All the contraptions are dedicated to studying this microbial life — it’s invisible to the naked eye, but the scientific implications are too big to ignore. Nealson’s Shewanella discovery was most important because it is the first documented bacteria that ‘breathes rock.’ This means that instead of using oxygen for respiration, as mammals do, Shewanella uses manganese.

It was a radical finding, and Nealson faced a large pushback from the scientific community. It goes against all conventional wisdom — “the textbooks said it wasn’t possible,” he told me.
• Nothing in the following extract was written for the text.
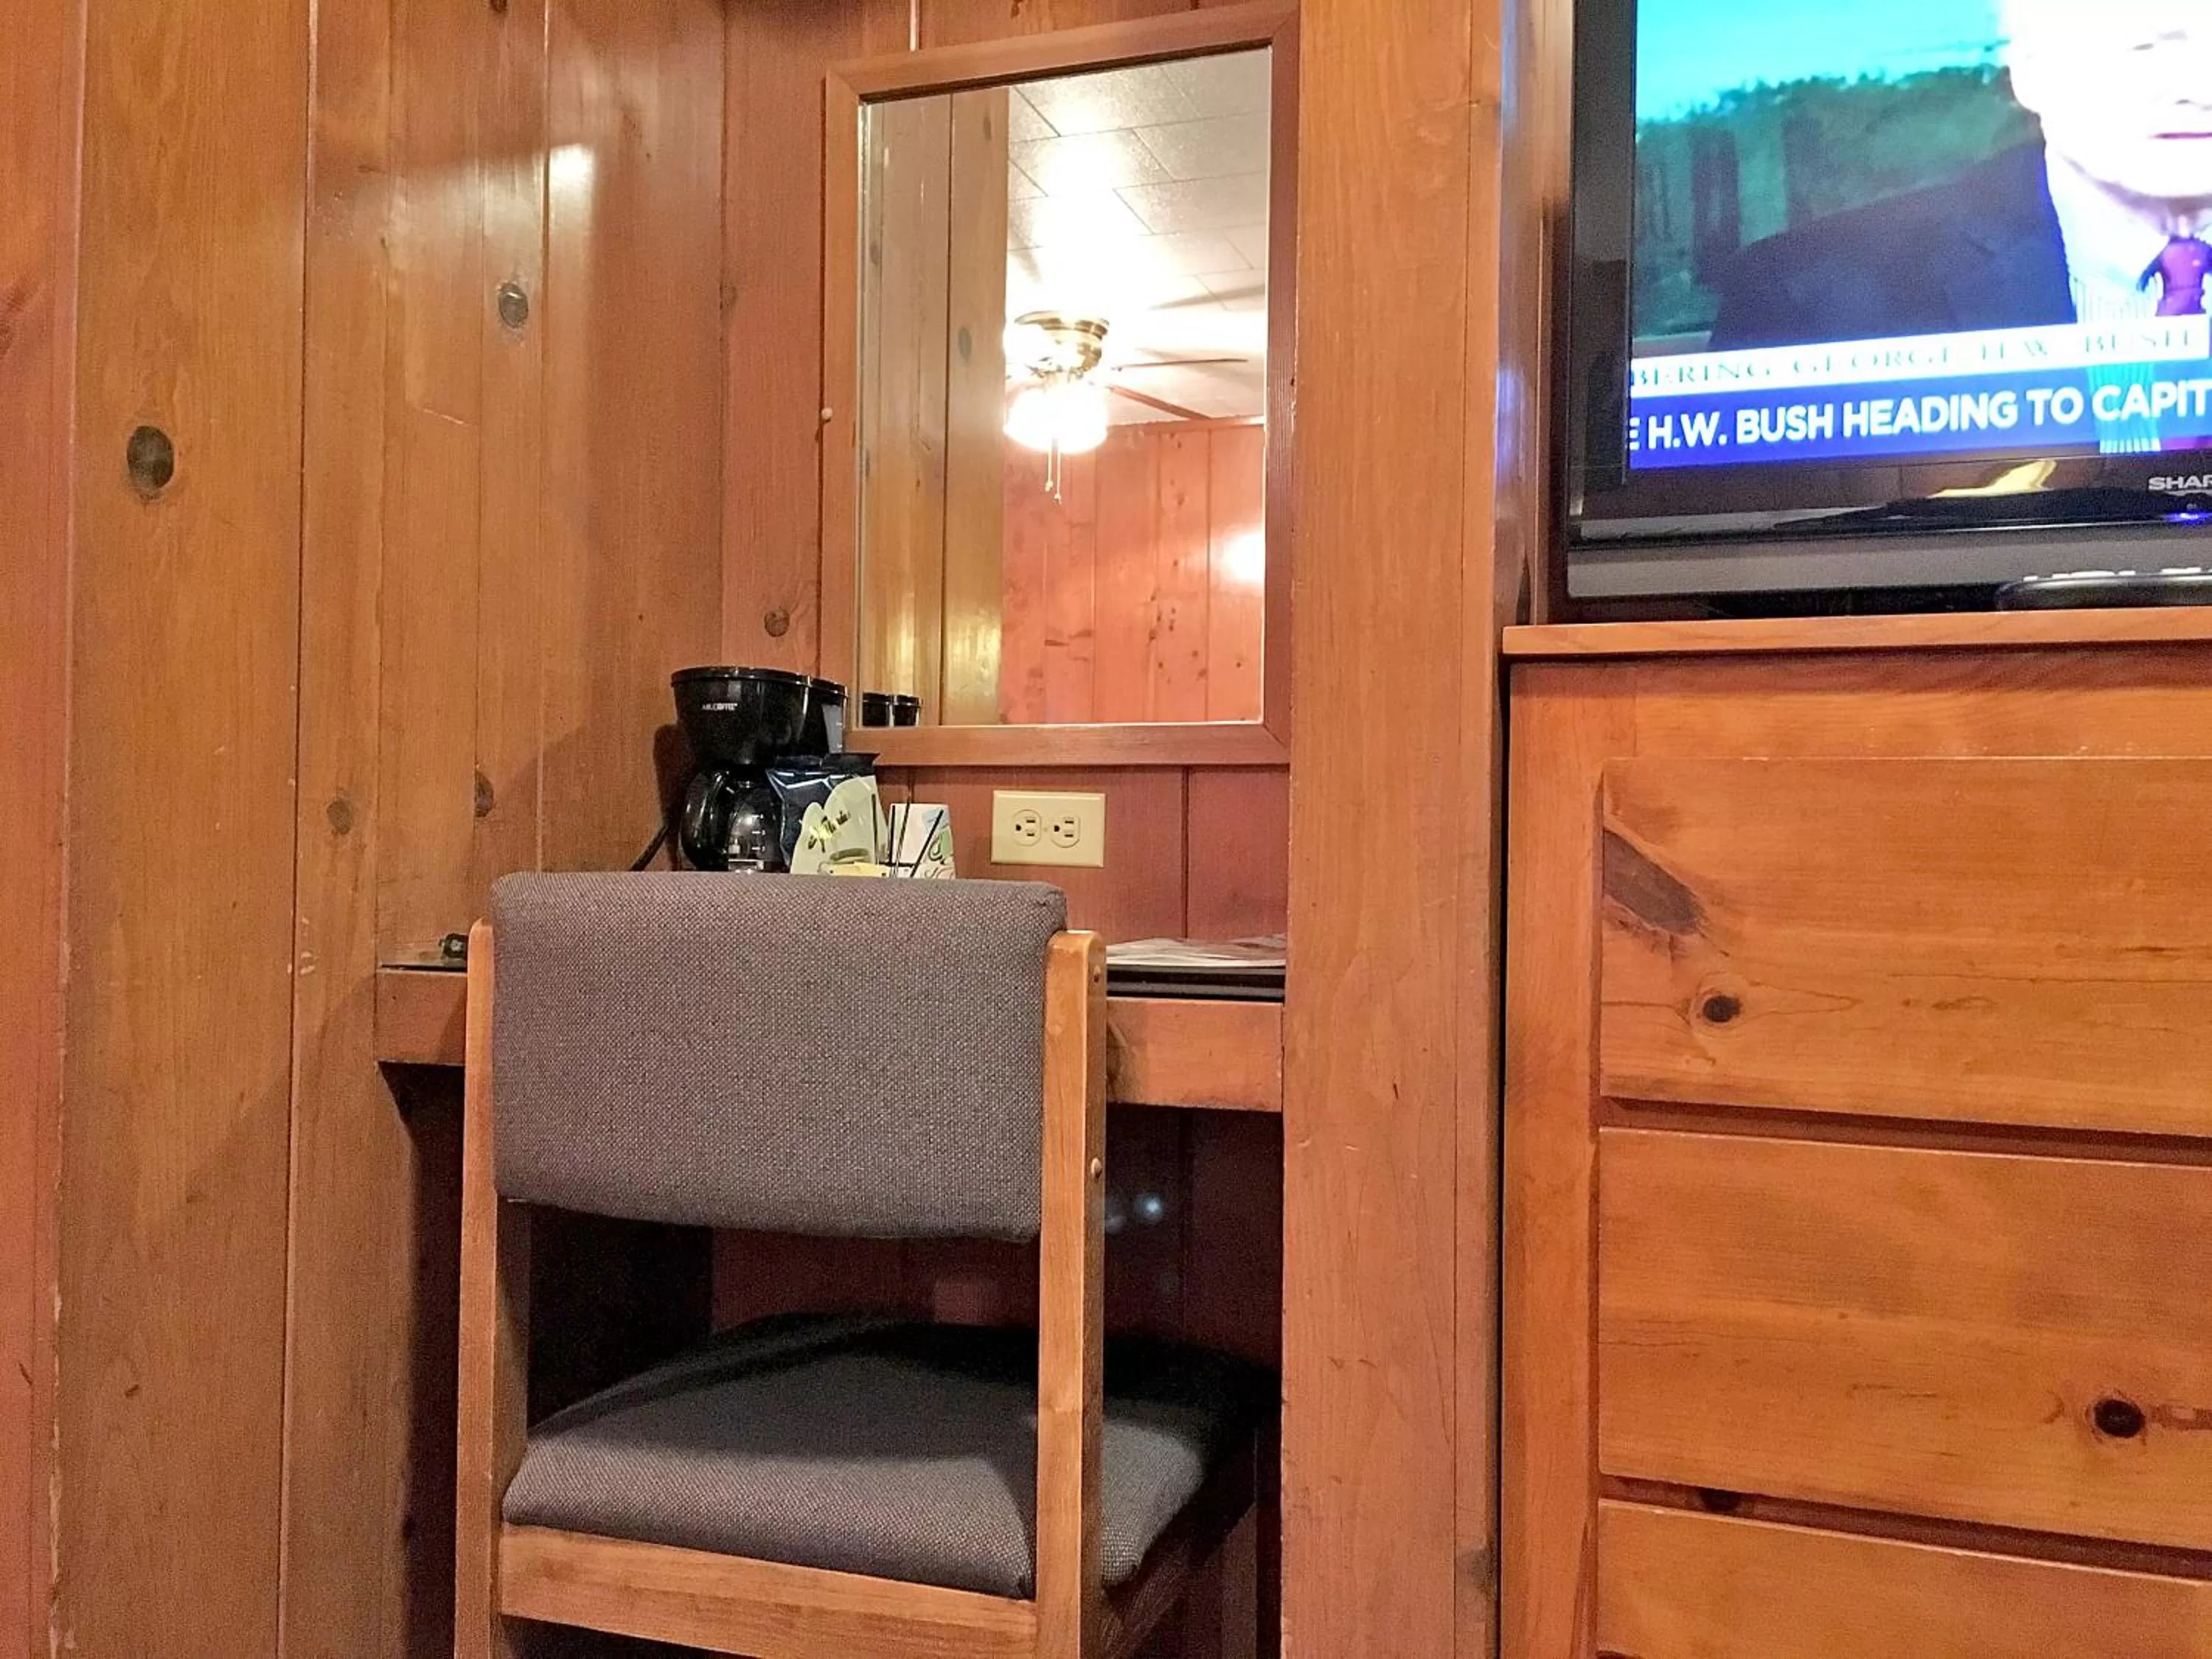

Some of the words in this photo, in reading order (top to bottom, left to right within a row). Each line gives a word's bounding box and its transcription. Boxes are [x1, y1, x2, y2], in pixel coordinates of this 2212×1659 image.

It was an uphill battle for Nealson to demonstrate his findings to the scientific community, but after years of study and many peer-reviewed papers, rock-breathing bacteria are now the focus of much scientific inquiry.

In Nealson’s lab, graduate students are studying how Shewanella and bacteria with similar breathing techniques can be used to solve environmental problems. From turning waste into water to producing energy, Shewanella has demonstrated remarkable potential to solve some of the world’s most pressing problems.

Professor Nealson is excited, and a little bummed out by the promising research. “This is an important discovery,” he says. “I wish I had discovered it earlier.”

So it goes. Scientific research is a long, arduous process. Sure, Nealson first recognized Shewanella in 1988, but we are still a ways from fully understanding how it works. Biological processes, even in simple organisms like bacteria, are incredibly complicated and require many repetitions of experiments to actually gain a sophisticated understanding. Huge discoveries in science don’t happen in an instant — they must be confirmed and re-confirmed by the scientific community at-large in order to be accepted as theory. It’s a rigorous process, one that requires a tenderness and care for your subject.

Nealson displays this tenderness when he speaks about his work. He’s sometimes called “the father of Shewanella,” and he is one proud papa. He even likes to refer to the bacteria as ‘Shewie.’ Like any father, he wants to spend time with his microbial progeny, and see it reach its full potential.

Hopefully, he will still be around to see Shewie’s graduation — from impossible discovery, to textbook example.